Al igual que Rusia, resulta incuestionable calificar de proveedor estratégico un país que como Venezuela, sea el séptimo productor mundial de petróleo, disponga de la sexta reserva de crudo del planeta (proyectada a ser la primera una vez certificadas las reservas de la Faja del Orinoco) y cuente con un 2,4% de las reservas mundiales de gas natural. Más aún en el caso de América latina, cuya dependencia de los combustibles fósiles roza el 76% (BP, 2007). Sin embargo y a pesar de lo expuesto, el análisis del binomio Rusia-Europa como el de Venezuela-América latina, debe trascender el marco de la simple explicación técnica para avanzar sobre consideraciones políticas. En primer lugar, el vínculo Rusia-UE es uno netamente comercial, donde la energía es una simple aunque estratégica mercancía. En segundo lugar, los hidrocarburos rusos son calificados de “extranjeros” por la UE, justamente porque esa nación no sólo no pertenece a la UE, sino que sus diferencias históricas, culturales, económicas -y por sobre todas las cosas-, su antagonismo geopolítico torna incompatibles los intereses “nacionales” europeos con los rusos. Es por esta razón, que Europa -con el auxilio de Washington-, se debate para disminuir la dependencia energética rusa, intentando doblegar la presencia y el accionar monopólico de Gazprom, proponiendo gasoductos que excluyan atravesar territorio ruso (Nabucco), buscando reemplazar progresivamente su gas natural por el gas licuado de otros destinos (Qatar), atacando la política energética interna y externa de Putin, etc. Por su parte, Rusia responde excluyendo a Alemania -cuya dependencia del gas natural ruso fue del 32% del consumo total en 2005 (AIE, 2006)-, como socia estratégica en la explotación de sus mega-yacimientos gasíferos. O expulsando a Shell y Exxon del proyecto Sakhalin en 2005. Hasta inclusive llegó a cortar el suministro de gas a Europa por un ajuste de precios con Bielorusia y Ucrania, naciones por donde atraviesan los principales gasoductos de exportación.

Venezuela, en cambio, forma parte de una misma raíz histórica, cultural, social y política con el resto de los países latinoamericanos. El bloque político Unasur, del que Venezuela es parte indisoluble, tiene un camino y un destino comunes. Petroamérica, OPPEGaSur, etc., sólo son viables en una región coincidente geopolíticamente. Su empresa PDVSA es el motor de un proceso de integración energética volcada hacia el desarrollo socioeconómico endógeno y equitativo de América Latina toda. Con ENARSA -para citar un ejemplo cercano-, establecieron una alianza que le permitirá al Estado argentino disponer de reservas comprobadas por prácticamente la misma cantidad de petróleo probado que hoy tiene el país.

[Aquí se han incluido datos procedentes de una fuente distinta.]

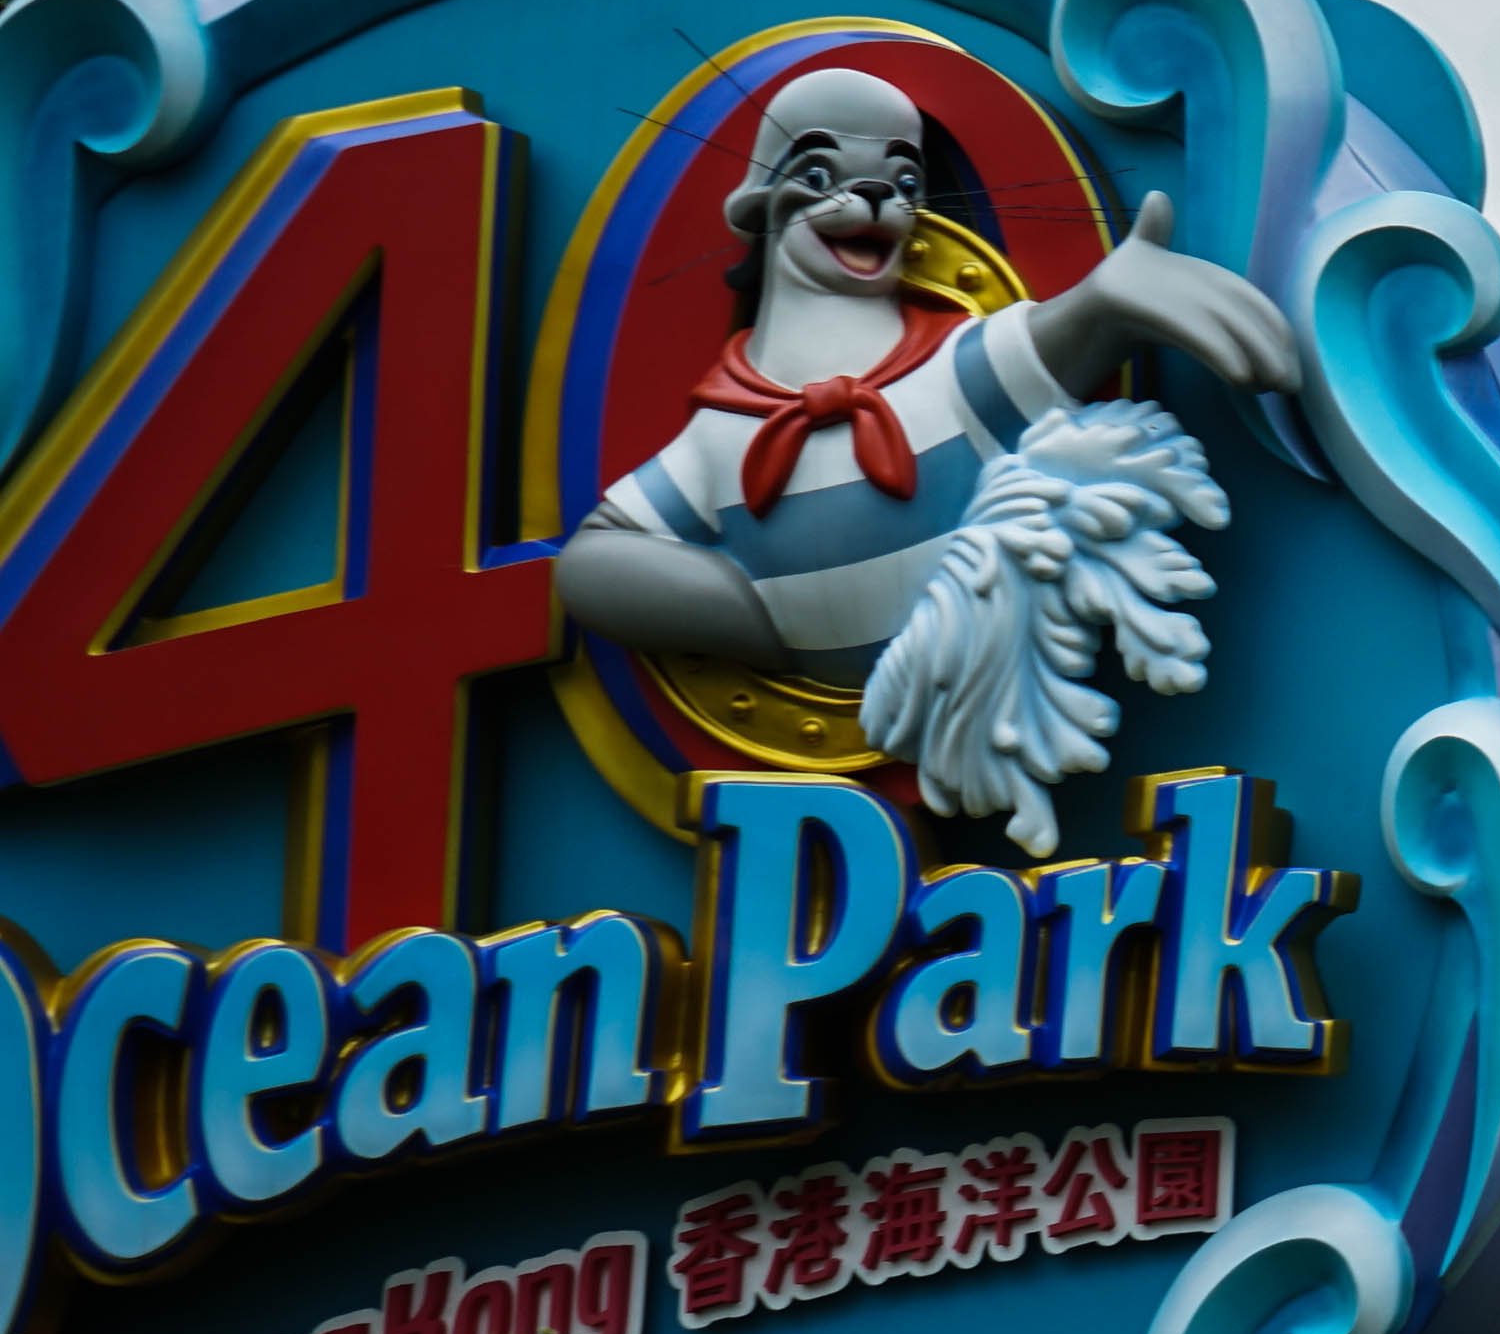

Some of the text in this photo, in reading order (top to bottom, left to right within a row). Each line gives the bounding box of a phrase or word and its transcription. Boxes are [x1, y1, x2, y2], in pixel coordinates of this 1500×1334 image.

[680, 769, 1350, 1147] Park
[670, 1125, 1228, 1319] 香港海洋公園

Si para la Comisión Europea la “importación” de energía cubrió un 50% de la demanda en 2006 y la dependencia energética de Rusia “atenta” contra su seguridad energética, el abastecimiento sudamericano en base a energéticos venezolanos no será una “importación”, ni podrá ser catalogado como una “dependencia energética foránea”; mucho menos “atentará” contra su seguridad energética. El enfoque debe ser otro y debe ser latinoamericano. ¿Qué implica entonces seguridad energética para América Latina? ¿Es el sistema energético europeo un modelo a seguir? Interrogantes lógicos que por cuestiones de espacio será abordado en un próximo trabajo, pero cuyas respuestas brotan del tema Rusia-Europa.

En conclusión, señalar que “Venezuela es estratégica a la ecuación energética latinoamericana” no hace más que reafirmar el concepto de que Venezuela es América latina y que la nacionalización de su petróleo hace a la seguridad energética regional. Un concepto ya practicado por Chávez al hablar de solidaridad energética, al fijar precios diferenciales en la comercialización de sus recursos o al establecer -por ejemplo con Argentina-, inéditas facilidades de pago como el trueque. Vaya un europeo a proponerle a Putin trocar gas natural por champagne francés o vaquitas inglesas.